Intriguingly, the DCT concept is often used in signal and image processing for lossy compression. Intriguingly again, an academic work on DCT has been written by a Dr K. R. Rao and P. Yip, entitled "Discrete Cosine Transform: Algorithms, Advantages, Applications" (Academic Press, Boston, 1990). Dr Rao is credited with being the co-inventor of the Discrete Cosine Transform but he is not related to Ocarina's Goutham Rao.
It looks as if Goutham Rao has found a way to use a method of encoding data for use in lossy compression algorithms to the opposite end.
Producing an Ocarina-encoded image or video file is much, much harder than displaying it. Production is carried out by using an Ocarina hardware appliance, an Optimizer, which comes in two models, a 2400 and a 3400. The 2400 has two quad-core Xeon 5400 processors, 16GB of RAM and two 500GB SATA disk drives.
The 3400 has the same Xeon processors but paired with 32GB of RAM and four 15,000rpm SAS drives. There is heavyweight processing going on here with a maximum bandwidth of 2TB per 24 hour day quoted by Ocarina. It can be down to 1TB a day if pure JPEGS are involved. Thirumale said: "We are CPU-bound in our optimization," and "We are in the process of benchmarking both the Nehalems and also processors with more cores."
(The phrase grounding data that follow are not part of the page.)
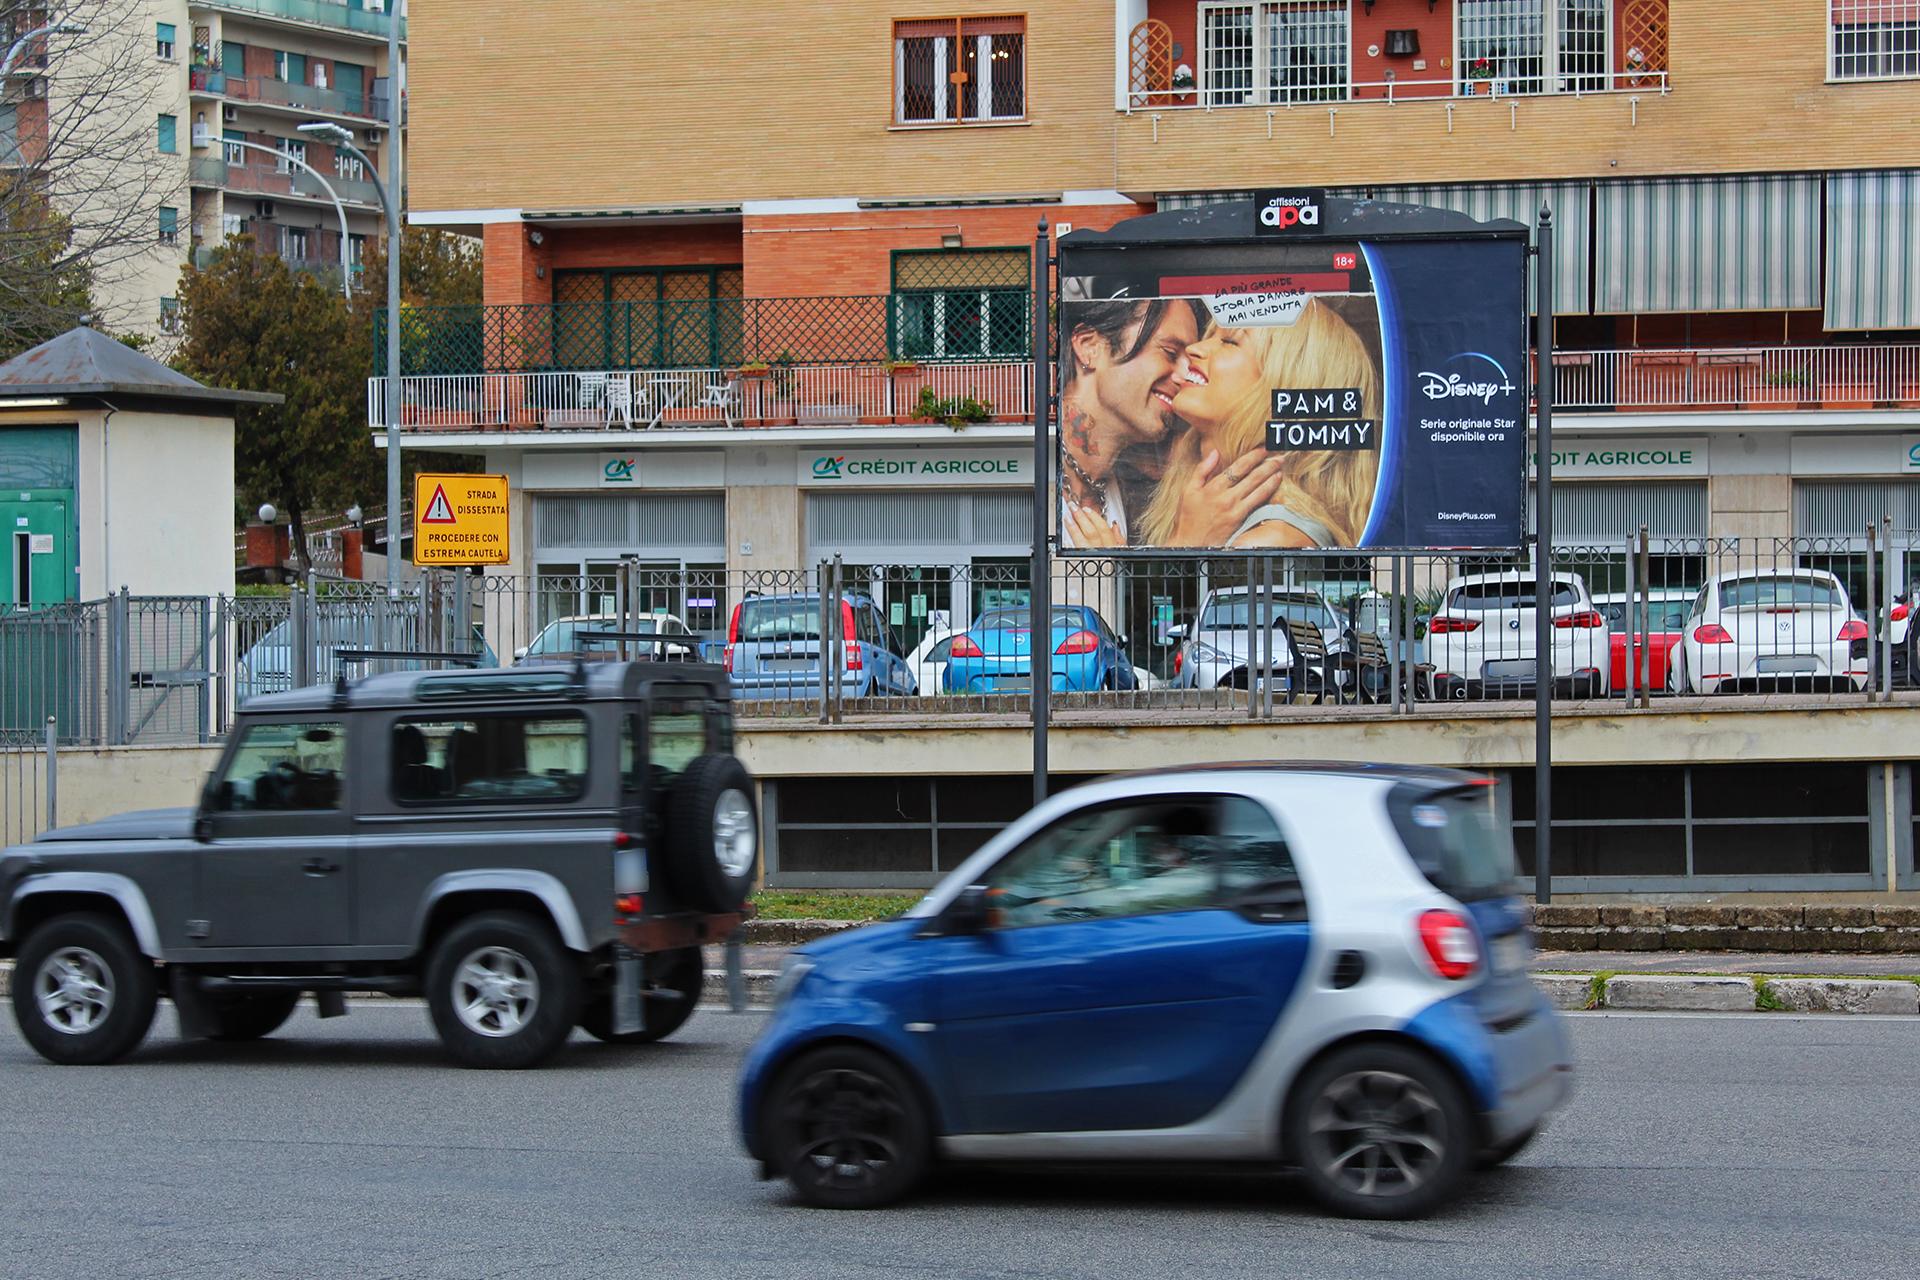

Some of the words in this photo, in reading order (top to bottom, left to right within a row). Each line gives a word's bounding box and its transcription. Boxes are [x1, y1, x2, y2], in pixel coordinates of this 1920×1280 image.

[1269, 196, 1310, 206] affissioni
[1260, 205, 1318, 229] apa
[1335, 256, 1353, 266] 18+
[1214, 287, 1228, 298] LA
[1250, 277, 1293, 291] GRANDE
[1213, 296, 1255, 314] STORIA
[1228, 310, 1247, 323] MAI
[1250, 300, 1302, 318] VENDUTA
[1277, 392, 1334, 414] PAM
[1342, 391, 1357, 412] &
[1420, 419, 1447, 428] Serie
[1448, 419, 1492, 430] originale
[1494, 418, 1516, 428] Star
[1270, 422, 1370, 445] TOMMY
[1430, 431, 1485, 442] disponibile
[1487, 433, 1505, 441] ora
[1584, 450, 1692, 465] AGRICOLE
[847, 459, 917, 475] CRÉDIT
[920, 460, 1019, 474] AGRICOLE
[467, 490, 497, 500] STRADA
[457, 505, 506, 515] DISSESTATA
[1437, 512, 1496, 521] DisneyPlus.com
[428, 533, 480, 543] PROCEDERE
[482, 533, 499, 543] CON
[424, 548, 466, 558] ESTREMA
[468, 548, 504, 558] CAUTELA
He says that Ocarina does things to ensure it does not overwhelm the storage filer. For example, optimisation can be scheduled for off peak times, and it can be throttled back if the filer is really busy.
During optimisation an existing image or video file is read in by an Optimizer and recoded, using the DCT mathmatical method, and processed with other techniques to produce a smaller output file.
This can be read by Ocarina's ECOreader, a piece of software which sits in-line between the storage and the application needing to access the file. It can be deployed on web servers, application servers, proxy appliances, or in some cases, directly on file servers.
Each Ocarina-encoded file is self-contained and holds all the data and metadata required by any ECOreader to access it and send it on the requesting application in real-time.
Other Ocarina compression techniques
Thurimale says Ocarina's Optimizer looks inside files that can contain various objects, such as images in Word documents and PowerPoint decks and PDFs. Once it finds these it can compress them. Also, once the Optimizer has a DCT version of the data, it can compare this with already processed images and use any correlations to improve the optimisation. It doesn't specify how it does this but it sounds like a form of deduplication.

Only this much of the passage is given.